Intern 907, watching the deepening scowl on Warren’s face, waited while he scanned the rest of the file.
“Apparently the son made some sort of disparaging remark about the Protector while he and his mother were out shopping”
“Both sentenced to liquification, Jacob sentenced to throw the switch”
Are both characters reading this information from the file? I think this kind of to-and-fro dialogue works better in film/television as a means of conveying information. Written down, it would seem more realistic to have the information outside of the dialogue (perhaps the intern is thinking over the details of the case as Warren reads) - when two people read the same document, they don't often read it aloud to each other, unless they want to draw attention to something (which doesn't seem the case here, they are just skimming the facts).

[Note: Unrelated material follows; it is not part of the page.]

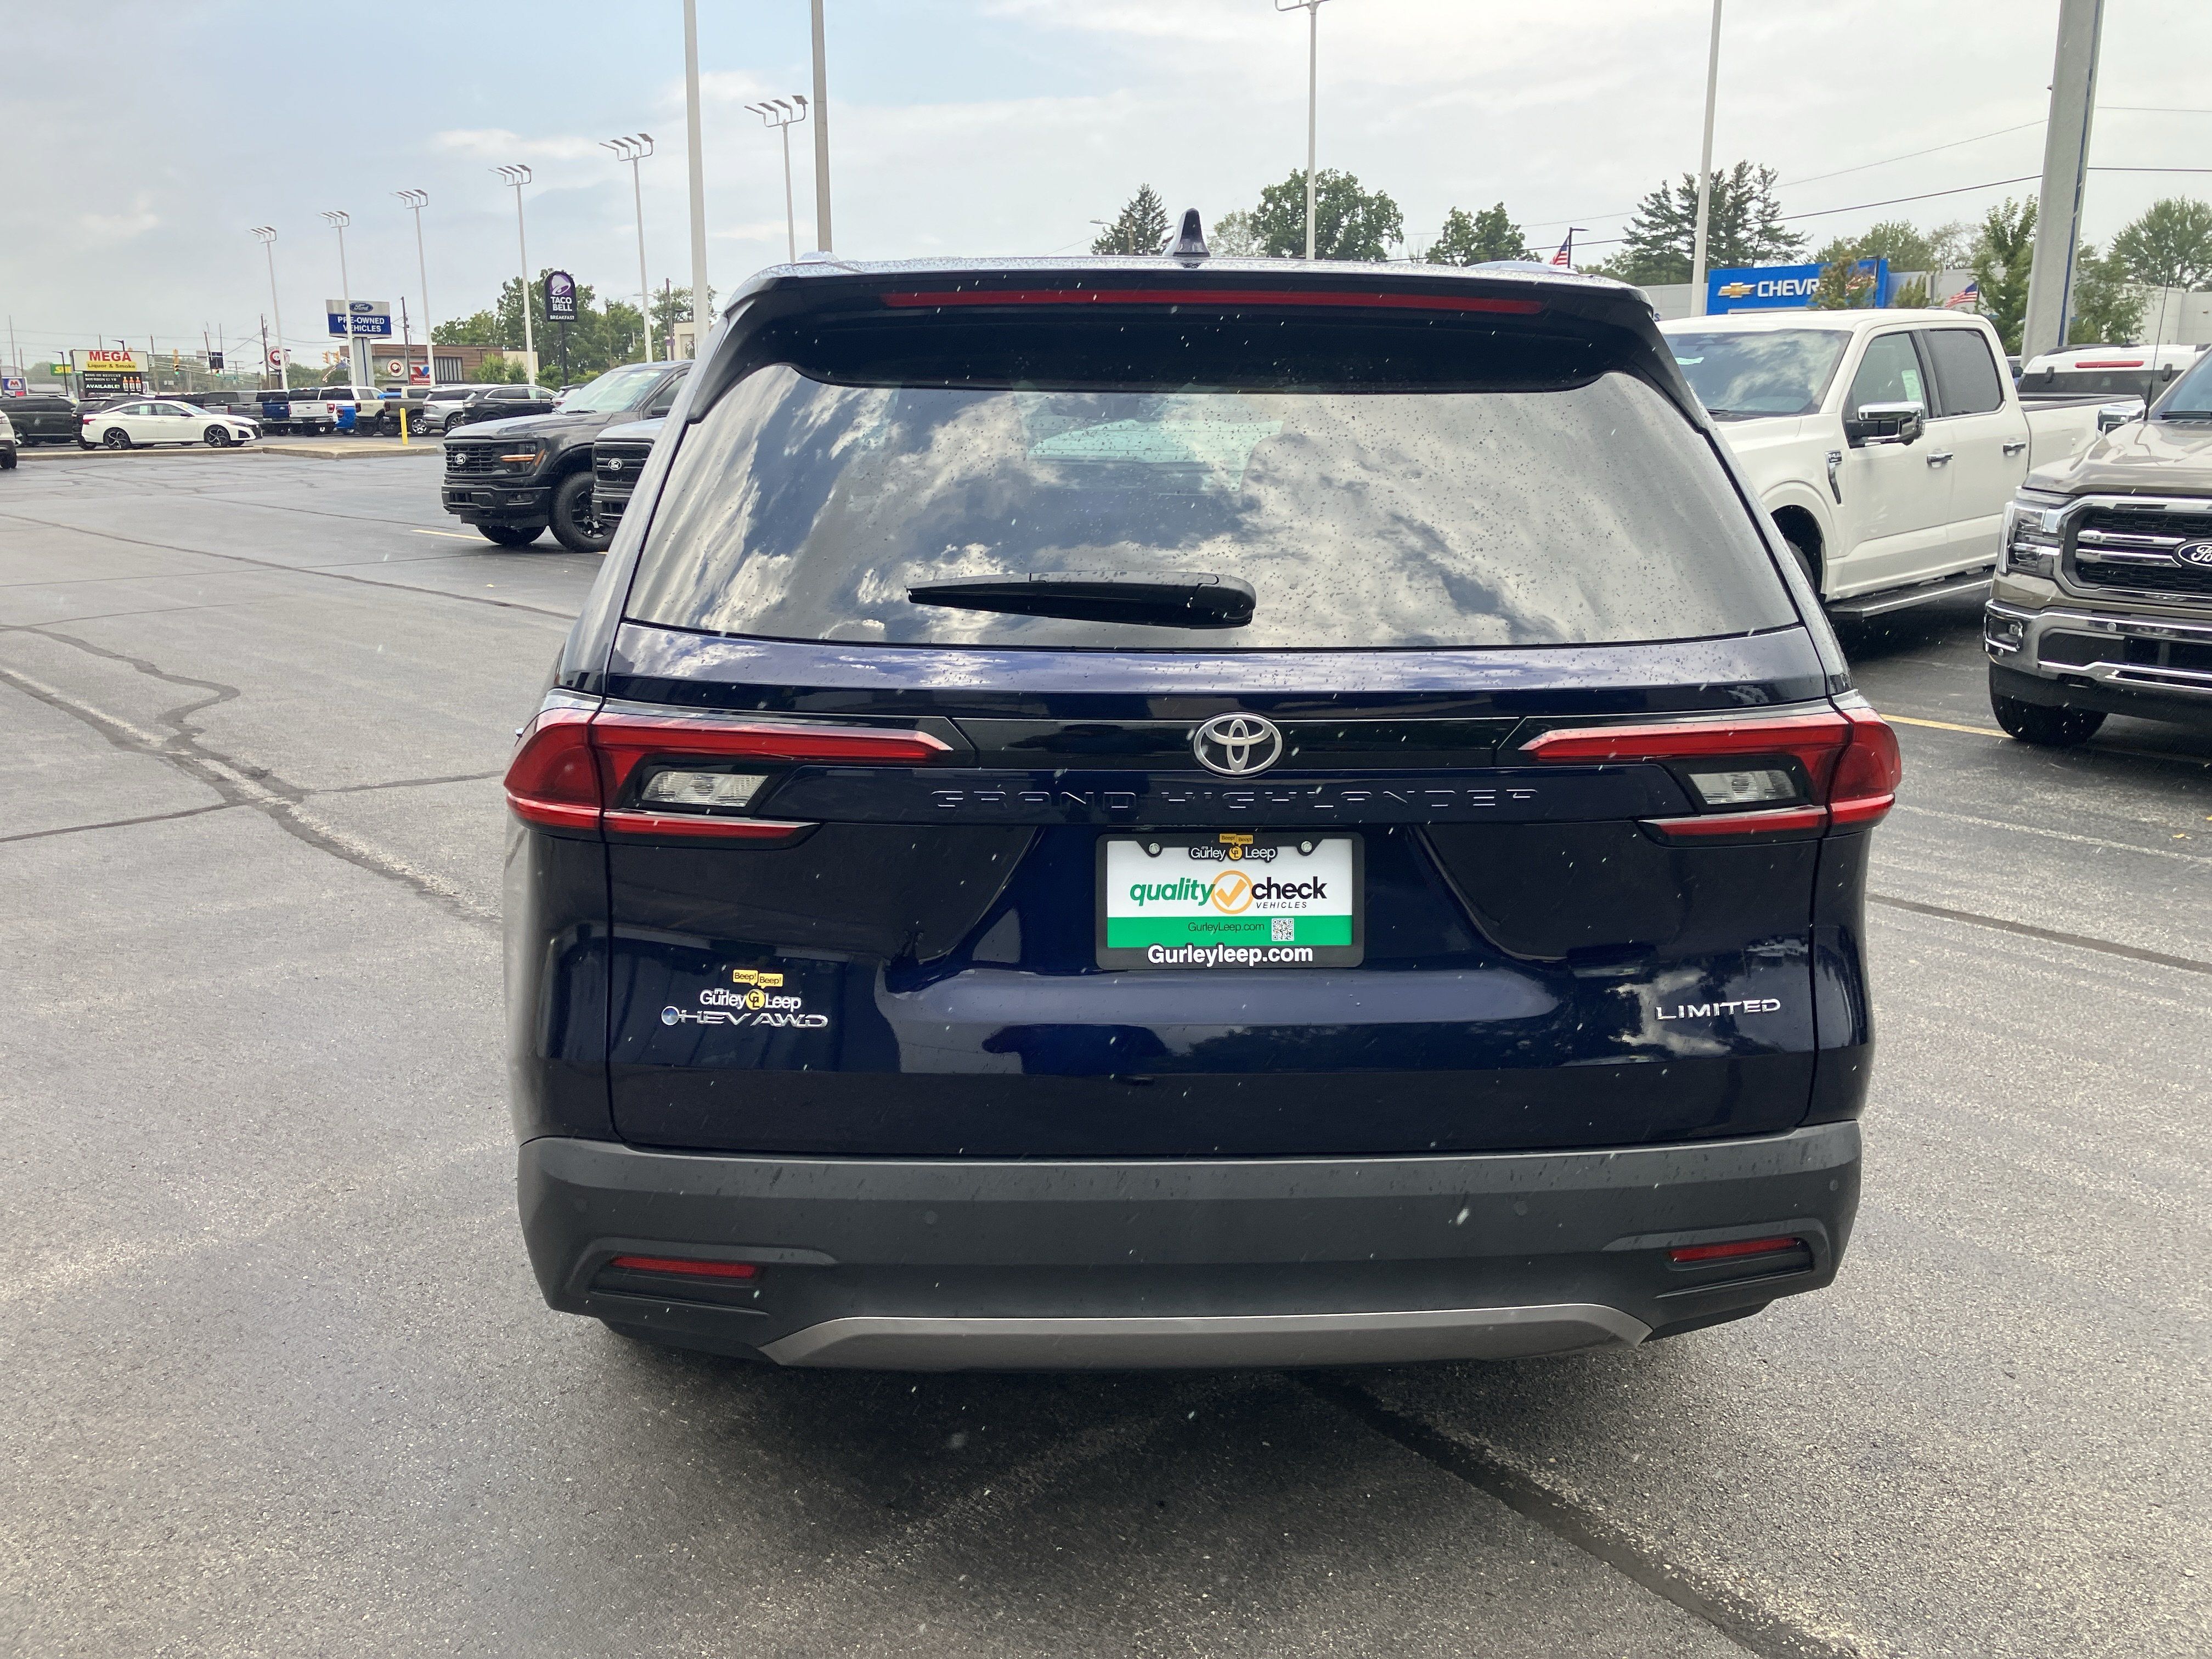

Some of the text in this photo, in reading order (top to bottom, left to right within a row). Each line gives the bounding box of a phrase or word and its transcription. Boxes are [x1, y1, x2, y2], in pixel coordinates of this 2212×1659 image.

It would be better to have a character's response to that information in the dialogue (e.g. "Only nine months ... querying the datasphere will take some time."), rather than the flat information itself.

And a non-dialogue point: this scene is from the viewpoint of Intern 907 - yet he refers to himself as 'the intern' - this this a character point, or a way of keeping the audience distant? How does he regard himself?

Oh, and another thought: is "The Shyte" intended to sound like a swear-word? (because to a lot of British ears, I fear it will)

Hope this helps, and I agree with Dozmonic - it would be good to see a re-post of the next draft.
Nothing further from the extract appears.